Comparison of the immunogenicity and safety of the purified chick embryo cell rabies vaccine manufactured in India and Germany: A randomized, single blind, multicentre, phase IV clinical study.

This phase IV, single blind study assessed the immunogenicity and safety of India-manufactured purified chick embryo cell rabies vaccine (PCECV), compared with a German-manufactured batch obtained by the same production process. A total of 340 participants enrolled at 2 study sites in India were randomized (1:1:1:1) in 4 groups to receive a 5-dose Essen regimen with either 1 of the 3 Indian batches (PCECV-I) or the German batch (PCECV-G), administered on Days (D) 0, 3, 7, 14 and 30. The lot-to-lot consistency of PCECV-I batches in terms of induced immune response at D14 was demonstrated.
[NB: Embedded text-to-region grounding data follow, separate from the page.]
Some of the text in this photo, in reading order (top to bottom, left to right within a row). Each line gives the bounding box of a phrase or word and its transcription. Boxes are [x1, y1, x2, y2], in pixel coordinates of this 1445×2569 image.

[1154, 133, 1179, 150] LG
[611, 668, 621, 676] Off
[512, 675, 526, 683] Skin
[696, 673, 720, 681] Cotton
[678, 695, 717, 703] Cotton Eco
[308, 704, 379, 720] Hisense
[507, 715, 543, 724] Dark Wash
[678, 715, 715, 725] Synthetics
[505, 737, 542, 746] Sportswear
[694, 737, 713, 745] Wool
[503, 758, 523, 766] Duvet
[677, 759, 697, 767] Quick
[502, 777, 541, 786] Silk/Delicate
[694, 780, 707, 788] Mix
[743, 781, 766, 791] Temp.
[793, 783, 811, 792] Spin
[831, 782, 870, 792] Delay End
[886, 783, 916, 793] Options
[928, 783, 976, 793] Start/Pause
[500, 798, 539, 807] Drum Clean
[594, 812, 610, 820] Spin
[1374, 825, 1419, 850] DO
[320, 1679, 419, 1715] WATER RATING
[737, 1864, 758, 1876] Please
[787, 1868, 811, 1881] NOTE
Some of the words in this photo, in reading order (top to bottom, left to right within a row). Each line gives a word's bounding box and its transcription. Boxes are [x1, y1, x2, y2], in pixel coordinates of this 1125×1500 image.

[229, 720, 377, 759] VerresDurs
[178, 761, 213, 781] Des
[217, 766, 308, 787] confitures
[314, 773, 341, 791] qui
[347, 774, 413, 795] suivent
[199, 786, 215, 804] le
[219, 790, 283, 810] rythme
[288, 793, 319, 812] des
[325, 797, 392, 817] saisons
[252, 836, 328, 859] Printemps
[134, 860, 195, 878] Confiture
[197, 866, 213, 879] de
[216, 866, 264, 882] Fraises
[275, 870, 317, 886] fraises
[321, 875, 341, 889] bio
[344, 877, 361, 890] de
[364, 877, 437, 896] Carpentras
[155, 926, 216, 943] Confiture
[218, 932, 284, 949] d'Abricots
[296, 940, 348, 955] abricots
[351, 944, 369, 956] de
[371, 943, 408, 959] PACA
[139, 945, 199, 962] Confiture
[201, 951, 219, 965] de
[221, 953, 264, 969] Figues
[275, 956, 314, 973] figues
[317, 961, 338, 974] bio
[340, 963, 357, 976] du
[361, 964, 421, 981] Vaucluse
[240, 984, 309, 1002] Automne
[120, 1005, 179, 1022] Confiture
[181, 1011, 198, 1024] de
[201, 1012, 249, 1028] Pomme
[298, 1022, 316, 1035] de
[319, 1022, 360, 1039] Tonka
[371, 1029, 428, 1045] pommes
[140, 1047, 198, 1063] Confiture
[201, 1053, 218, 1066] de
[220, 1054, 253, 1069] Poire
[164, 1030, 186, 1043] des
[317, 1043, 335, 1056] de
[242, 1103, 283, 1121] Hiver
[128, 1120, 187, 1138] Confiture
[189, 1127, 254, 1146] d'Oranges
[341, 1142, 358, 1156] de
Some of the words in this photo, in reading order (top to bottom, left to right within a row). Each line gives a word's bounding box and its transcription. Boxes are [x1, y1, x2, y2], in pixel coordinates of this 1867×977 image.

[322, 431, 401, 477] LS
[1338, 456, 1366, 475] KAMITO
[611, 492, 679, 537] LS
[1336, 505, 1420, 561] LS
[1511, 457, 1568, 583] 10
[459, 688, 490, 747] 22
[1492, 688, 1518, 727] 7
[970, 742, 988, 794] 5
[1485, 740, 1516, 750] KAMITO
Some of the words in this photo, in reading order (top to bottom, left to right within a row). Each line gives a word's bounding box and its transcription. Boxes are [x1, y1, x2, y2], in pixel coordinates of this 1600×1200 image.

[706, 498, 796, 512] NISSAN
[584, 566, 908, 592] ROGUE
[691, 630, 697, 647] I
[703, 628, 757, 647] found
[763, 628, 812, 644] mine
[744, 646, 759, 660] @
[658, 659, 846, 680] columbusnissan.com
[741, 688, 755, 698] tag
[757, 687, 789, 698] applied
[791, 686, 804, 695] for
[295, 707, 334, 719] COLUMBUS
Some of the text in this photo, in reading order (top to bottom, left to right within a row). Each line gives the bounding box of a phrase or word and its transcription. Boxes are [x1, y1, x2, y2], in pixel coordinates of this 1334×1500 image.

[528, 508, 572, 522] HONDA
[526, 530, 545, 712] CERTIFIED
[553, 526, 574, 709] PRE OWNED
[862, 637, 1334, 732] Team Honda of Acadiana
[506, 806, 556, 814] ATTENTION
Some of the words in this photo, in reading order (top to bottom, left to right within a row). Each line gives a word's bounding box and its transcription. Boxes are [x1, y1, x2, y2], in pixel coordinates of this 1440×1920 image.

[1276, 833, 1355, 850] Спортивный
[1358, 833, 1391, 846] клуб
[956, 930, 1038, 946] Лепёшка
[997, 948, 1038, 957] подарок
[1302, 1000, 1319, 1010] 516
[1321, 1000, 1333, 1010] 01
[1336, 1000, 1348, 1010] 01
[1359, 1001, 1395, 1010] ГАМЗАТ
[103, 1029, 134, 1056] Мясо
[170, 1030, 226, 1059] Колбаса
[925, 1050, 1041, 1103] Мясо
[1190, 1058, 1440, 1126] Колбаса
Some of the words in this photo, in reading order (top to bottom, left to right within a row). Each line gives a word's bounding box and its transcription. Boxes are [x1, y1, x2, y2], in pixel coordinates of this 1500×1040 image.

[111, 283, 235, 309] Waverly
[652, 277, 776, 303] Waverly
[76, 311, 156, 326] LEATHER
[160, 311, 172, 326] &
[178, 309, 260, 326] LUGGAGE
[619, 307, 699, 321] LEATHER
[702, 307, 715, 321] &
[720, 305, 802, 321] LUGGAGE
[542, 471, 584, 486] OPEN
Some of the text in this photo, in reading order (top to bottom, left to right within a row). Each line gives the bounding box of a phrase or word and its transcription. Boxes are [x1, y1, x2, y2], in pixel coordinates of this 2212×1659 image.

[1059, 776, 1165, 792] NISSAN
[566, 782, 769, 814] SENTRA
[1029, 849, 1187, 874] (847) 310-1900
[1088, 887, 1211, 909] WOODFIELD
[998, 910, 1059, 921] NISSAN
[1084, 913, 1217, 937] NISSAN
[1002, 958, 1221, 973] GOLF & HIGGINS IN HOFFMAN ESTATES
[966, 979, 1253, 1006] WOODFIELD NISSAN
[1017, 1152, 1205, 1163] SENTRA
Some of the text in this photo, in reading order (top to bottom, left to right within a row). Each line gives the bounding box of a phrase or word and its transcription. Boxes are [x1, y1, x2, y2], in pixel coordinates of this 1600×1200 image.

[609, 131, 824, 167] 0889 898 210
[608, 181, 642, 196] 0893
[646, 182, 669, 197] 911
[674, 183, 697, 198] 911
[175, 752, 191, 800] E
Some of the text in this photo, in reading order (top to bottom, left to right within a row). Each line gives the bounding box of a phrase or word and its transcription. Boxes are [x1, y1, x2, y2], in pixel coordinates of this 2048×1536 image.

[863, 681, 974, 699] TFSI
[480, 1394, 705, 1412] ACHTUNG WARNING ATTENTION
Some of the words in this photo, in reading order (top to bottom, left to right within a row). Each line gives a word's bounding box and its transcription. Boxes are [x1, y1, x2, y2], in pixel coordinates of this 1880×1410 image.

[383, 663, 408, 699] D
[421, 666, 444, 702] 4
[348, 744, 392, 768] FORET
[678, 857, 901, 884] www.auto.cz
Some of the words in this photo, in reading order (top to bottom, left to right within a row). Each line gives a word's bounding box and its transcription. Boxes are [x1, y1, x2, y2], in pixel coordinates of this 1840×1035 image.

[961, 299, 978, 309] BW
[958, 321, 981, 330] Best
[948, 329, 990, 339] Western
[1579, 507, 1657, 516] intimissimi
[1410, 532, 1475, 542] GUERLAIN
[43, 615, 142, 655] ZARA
The immune response elicited by PCECV-I was shown to be non-inferior to that induced by PCECV-G, as the lower limit of the 95% confidence interval for the ratio (PCECV-I/PCECV-G) of rabies virus neutralising antibody (RVNA) geometric mean concentrations was higher than 0.5 at D14. At least 96% of participants developed adequate RVNA concentrations (≥ 0.5 IU/mL) by D14 and all achieved RVNA concentrations ≥ 0.5 IU/mL by D90. RVNA levels were comparable across all groups throughout the entire study. Solicited local and general symptoms had a similar incidence in all groups. Unsolicited adverse events (AEs) were reported by 11% of participants. Only 1 serious AE (leg fracture) was reported and was not related to vaccination. No deaths and no rabies cases were recorded during the 90 days of observation. The study showed that the 3 PCECV-I and the PCECV-G batches induced a similar immune response and had a comparable safety profile when administered according to a 5-dose schedule.